木崎昇という生徒
「卒業だなあ」
久しぶりに同学年のサッカー部のメンツが揃っていた。
全員既に受験本番を終え、後は結果を待つだけだった。
「悔いはねえか、お前ら」
ねえよそんなの、という声が笑い声と共に帰ってくる。こいつらは夢見がちの馬鹿共ではない。サッカーへの悔いなど誰も残していない。
「斗真君さあ」
その中で、一人だけ声をあげた者がいた。それは磯山という別のクラスの男で、この中では一番見た目も性格も真面目な男からのものだった。
「ん?」
「前から気になってたんだけどさ、一つ聞いてもいいかな」
「なんだよ」
一瞬だけ磯山は躊躇するように下を向いたが、やがて何事もなかったかのように顔を上げた。
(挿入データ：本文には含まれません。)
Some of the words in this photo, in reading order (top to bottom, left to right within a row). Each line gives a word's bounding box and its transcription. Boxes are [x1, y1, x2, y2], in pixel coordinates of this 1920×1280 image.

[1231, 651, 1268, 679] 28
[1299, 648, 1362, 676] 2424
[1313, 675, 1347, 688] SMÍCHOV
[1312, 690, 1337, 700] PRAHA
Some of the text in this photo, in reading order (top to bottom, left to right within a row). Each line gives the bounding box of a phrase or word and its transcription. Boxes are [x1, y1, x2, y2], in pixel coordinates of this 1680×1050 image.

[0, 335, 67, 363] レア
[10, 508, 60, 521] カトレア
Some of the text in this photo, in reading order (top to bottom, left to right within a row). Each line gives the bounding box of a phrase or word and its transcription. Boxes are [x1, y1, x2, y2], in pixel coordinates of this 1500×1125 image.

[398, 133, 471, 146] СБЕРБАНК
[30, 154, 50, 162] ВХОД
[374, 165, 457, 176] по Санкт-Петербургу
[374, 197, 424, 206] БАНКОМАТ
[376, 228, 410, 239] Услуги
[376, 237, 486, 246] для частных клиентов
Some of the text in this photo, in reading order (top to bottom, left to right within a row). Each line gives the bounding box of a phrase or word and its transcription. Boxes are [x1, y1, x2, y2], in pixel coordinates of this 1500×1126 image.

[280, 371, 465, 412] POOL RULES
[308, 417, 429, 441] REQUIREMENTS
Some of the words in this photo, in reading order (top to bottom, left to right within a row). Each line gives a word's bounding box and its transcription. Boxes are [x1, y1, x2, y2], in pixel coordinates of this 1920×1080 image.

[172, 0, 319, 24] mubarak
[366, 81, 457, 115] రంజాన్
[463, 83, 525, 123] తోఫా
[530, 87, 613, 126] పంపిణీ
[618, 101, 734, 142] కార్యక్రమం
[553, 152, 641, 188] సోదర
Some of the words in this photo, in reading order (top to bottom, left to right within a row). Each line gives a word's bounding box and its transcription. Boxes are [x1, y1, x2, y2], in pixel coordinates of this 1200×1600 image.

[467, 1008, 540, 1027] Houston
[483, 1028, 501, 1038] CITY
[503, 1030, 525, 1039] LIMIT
「なんとなく、聞いちゃいけない空気があったから俺達遠慮してたんだけど、いい機会かと思って」
そう言うと、俺と修斗以外のメンバーが磯山に同調するようにうんうんと頷いて見せた。その様子を確認してから、磯山は再び口を開いた。
「たまに駅で、斗真君と修斗君が声を掛ける子いるでしょ」
「ああ、木崎かな」
言いながら修斗を見ると「だな」と頷く。
「……あの、さあ」
そこで磯山はまた下を向いてしまう。今度は先程より長かった。本当に口に出していいのか、まだ迷いがあるようだった。
俺はその態度に痺れを切らした。
「何だよ。言えよ」
それでも磯山は顔をあげなかったが、「あのさ」と小さく言葉を漏らしてから、顔を上げた。
「誰なの、その木崎君って」
その顔には、普段あまり見せる事のない不安や怪訝といった表情が見えた。